Wise up on social networks - expert

2012-02-17 14:30

Cape Town - Social network users should be more "street smart" on online networks to protect themselves, an expert has said.

"I think that social media users need to wise up a little; they need to become a little bit more sensible as digital citizens," social media consultant for Afrosocialmedia Samantha Fleming told News24.

She said that individuals should be cautious about putting personal content that could be damaging online.

"They need to realise that actually, you shouldn't put personal information online. Just because Facebook asks for your home address, doesn't mean you have to put it on, or if it asks for your age, you don't have to put it on," Fleming said.

Social Media Week has been addressing the impact of social media on companies and individuals, including an experiment to see whether one could survive dependant on one's social media graph.


But users continue to expose themselves to personal risk by posting content to their social networks without considering the wider impact it might have.

This month, a senior official at the Civil Aviation Authority was suspended over negative comments he wrote about superiors on Facebook.

South African socialite Khanyi Mbau has been mired in controversy since nude pictures of her were leaked online, reminiscent of the scandal involving New York congressman Anthony Weiner, who tweeted a sexually suggestive picture of himself.

Privacy is not as important for young people, Fleming said, but added that it made them potential victims of opportunistic crimes online.

"People these days, especially the next generation of users - I'm talking about young users - they don't have privacy concerns in a way that people in the past have had.

"Twenty-year-olds these days just don't have the same kinds of concerns for privacy.

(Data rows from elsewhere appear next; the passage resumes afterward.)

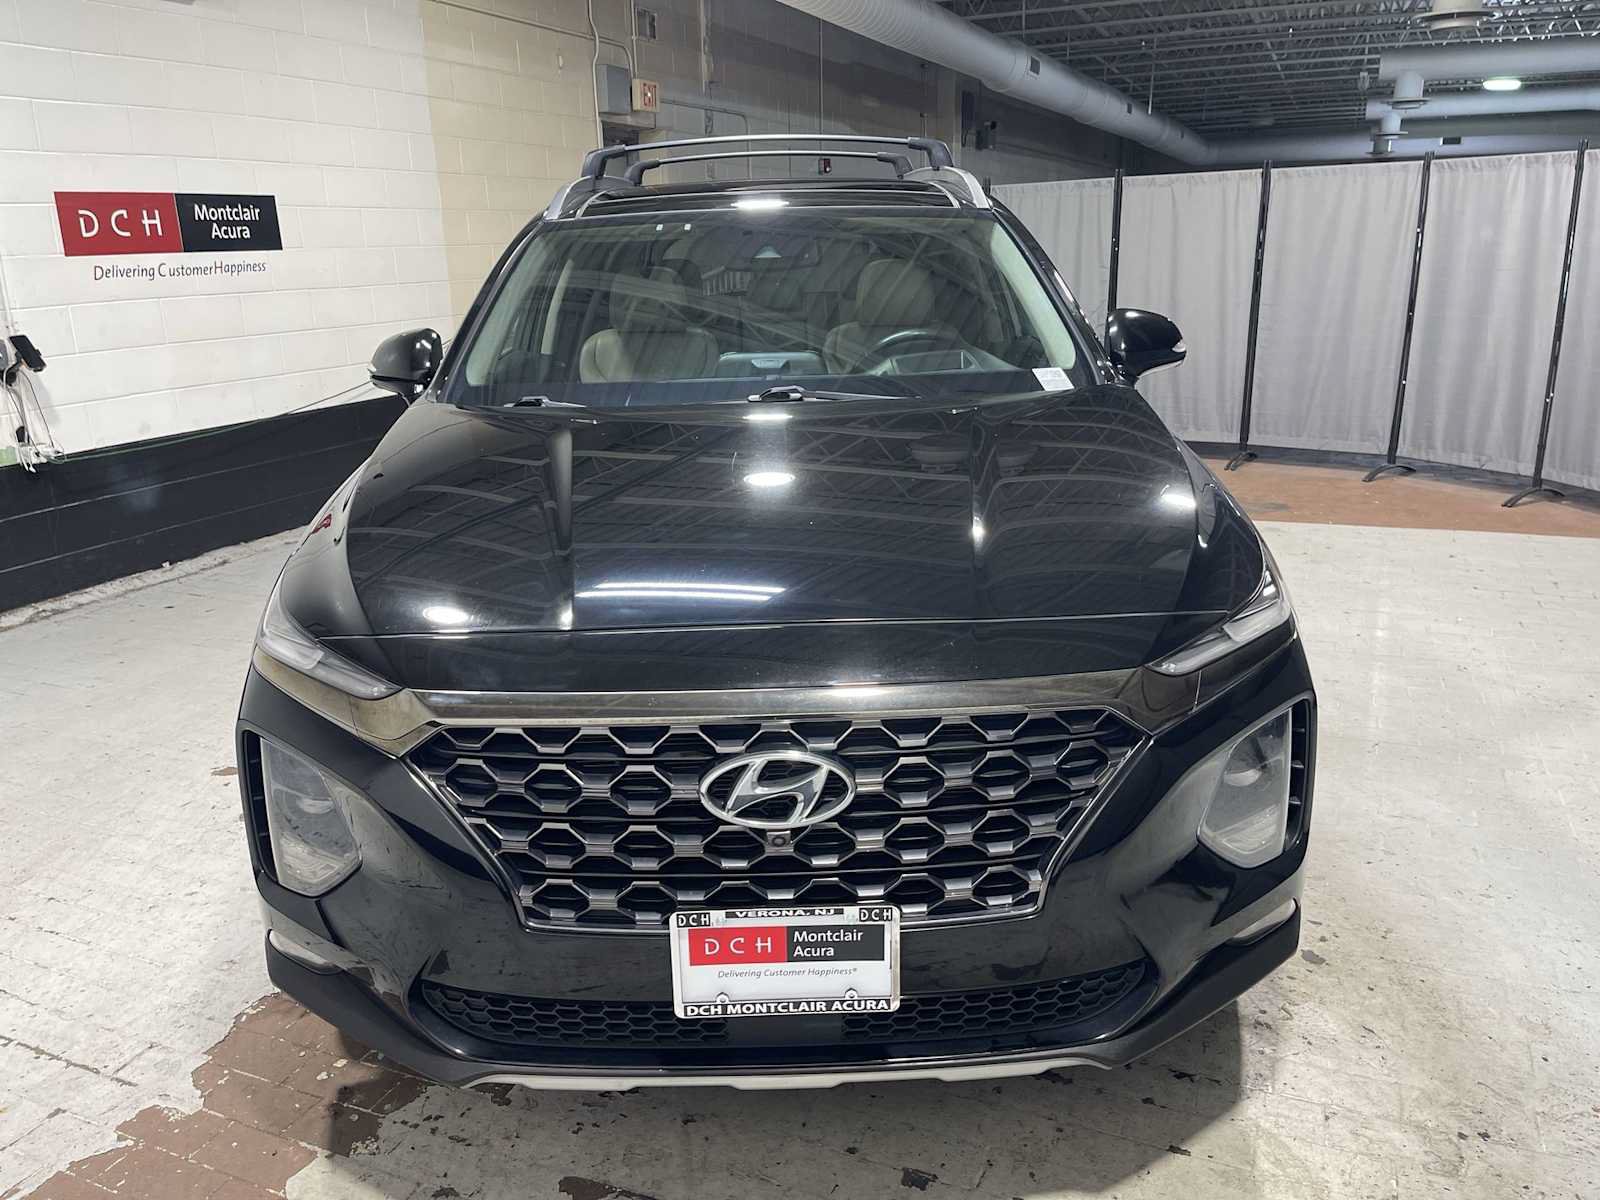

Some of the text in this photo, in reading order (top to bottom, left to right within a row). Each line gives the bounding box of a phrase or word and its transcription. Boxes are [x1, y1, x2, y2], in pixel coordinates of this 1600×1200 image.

[194, 204, 260, 221] Montclair
[78, 209, 162, 238] DCH
[211, 223, 251, 239] Acura
[94, 264, 155, 281] Delivering
[214, 260, 267, 275] Happiness
[678, 914, 710, 927] DCH
[859, 909, 893, 921] DCH
[793, 930, 863, 942] Montclair
[704, 937, 772, 955] DCH
[793, 946, 834, 957] Acura
[717, 969, 761, 978] Delivering
[764, 968, 805, 977] Customer
[686, 1000, 889, 1016] DCH MONTCLAIR ACURA
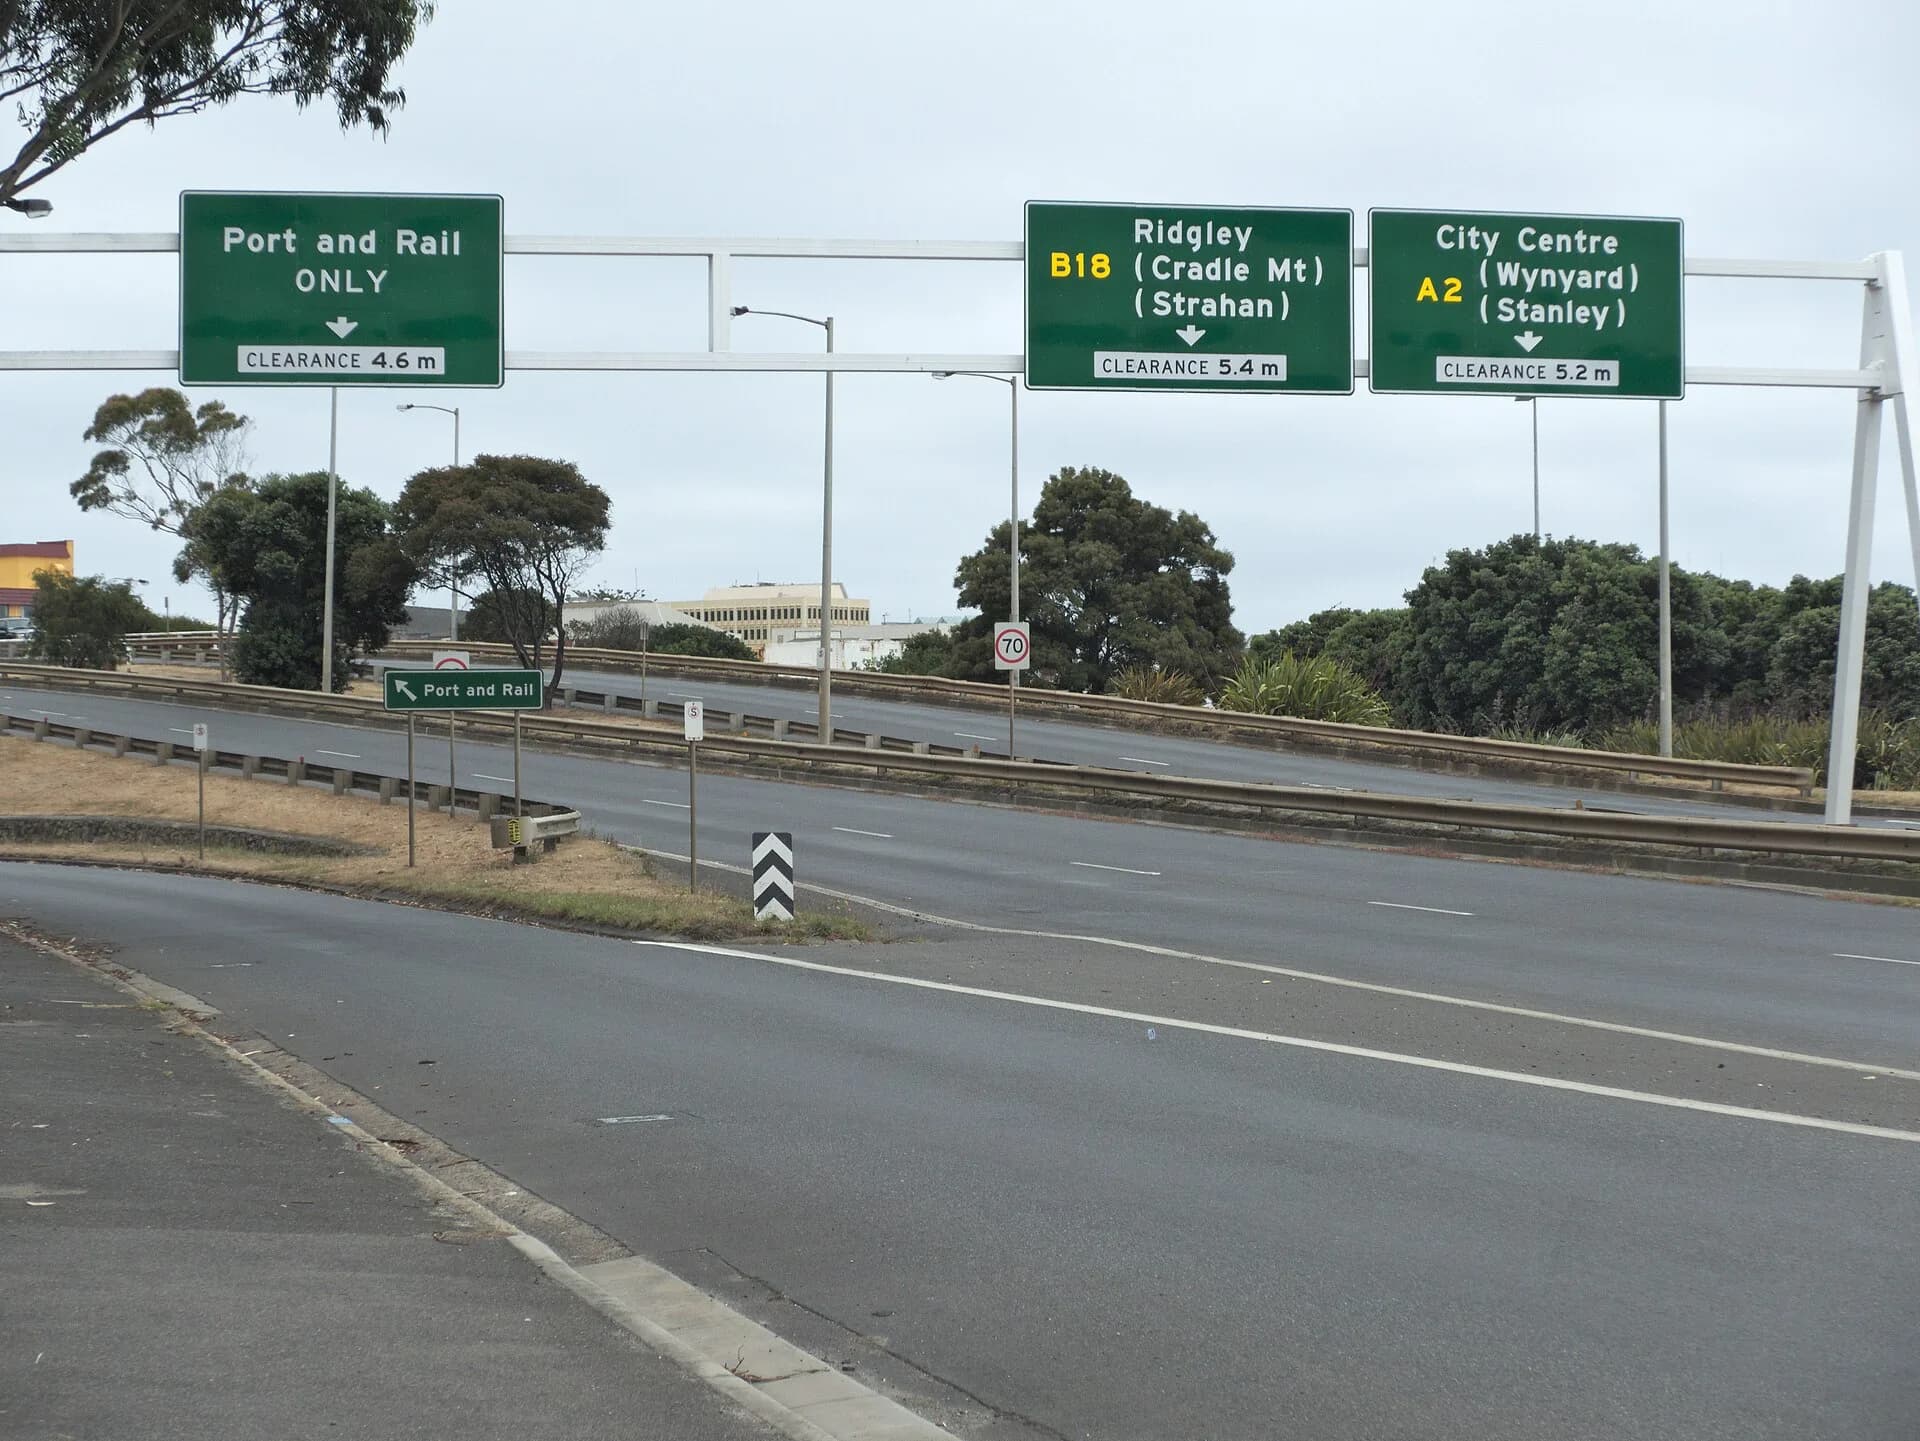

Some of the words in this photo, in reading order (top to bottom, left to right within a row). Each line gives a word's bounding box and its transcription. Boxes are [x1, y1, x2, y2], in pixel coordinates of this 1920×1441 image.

[224, 227, 296, 253] Port
[317, 229, 376, 254] and
[396, 229, 460, 256] Rail
[1135, 219, 1252, 252] Ridgley
[1436, 225, 1500, 256] City
[1518, 227, 1619, 255] Centre
[1051, 252, 1111, 279] B18
[295, 269, 388, 293] ONLY
[1416, 277, 1463, 302] A2
[247, 352, 361, 368] CLEARANCE
[371, 353, 410, 369] 4.6
[418, 356, 436, 369] m
[1102, 359, 1209, 374] CLEARANCE
[1219, 360, 1254, 375] 5.4
[1262, 363, 1279, 376] m
[1444, 363, 1546, 379] CLEARANCE
[1556, 365, 1587, 380] 5.2
[1594, 368, 1611, 381] m
[1002, 638, 1024, 653] 70
[424, 684, 459, 696] Port
[466, 684, 495, 696] and
[503, 683, 533, 696] Rail
[690, 707, 697, 717] S

I understand it's a beautiful kind of transparency, but it also opens you up to abuse: things like identity theft or phishing or scamming."

She added that companies may exploit a lack of privacy on social networks to mine data for advertising purposes.

Targeted advertising

"People need to be a bit more aware that they need to be cautious about what they put out there and what they put online, because a company will take it and they will use it for advertising purposes if nothing else.

"Facebook's open graph is designed with advertising and marketing in mind," said Fleming.

Some young people don't mind targeted advertising if they have a specific interest, but Fleming cautioned against this approach.

"I do think that what gets lost in that is a sense of savvy, like a street smarts about what you should and shouldn't do online."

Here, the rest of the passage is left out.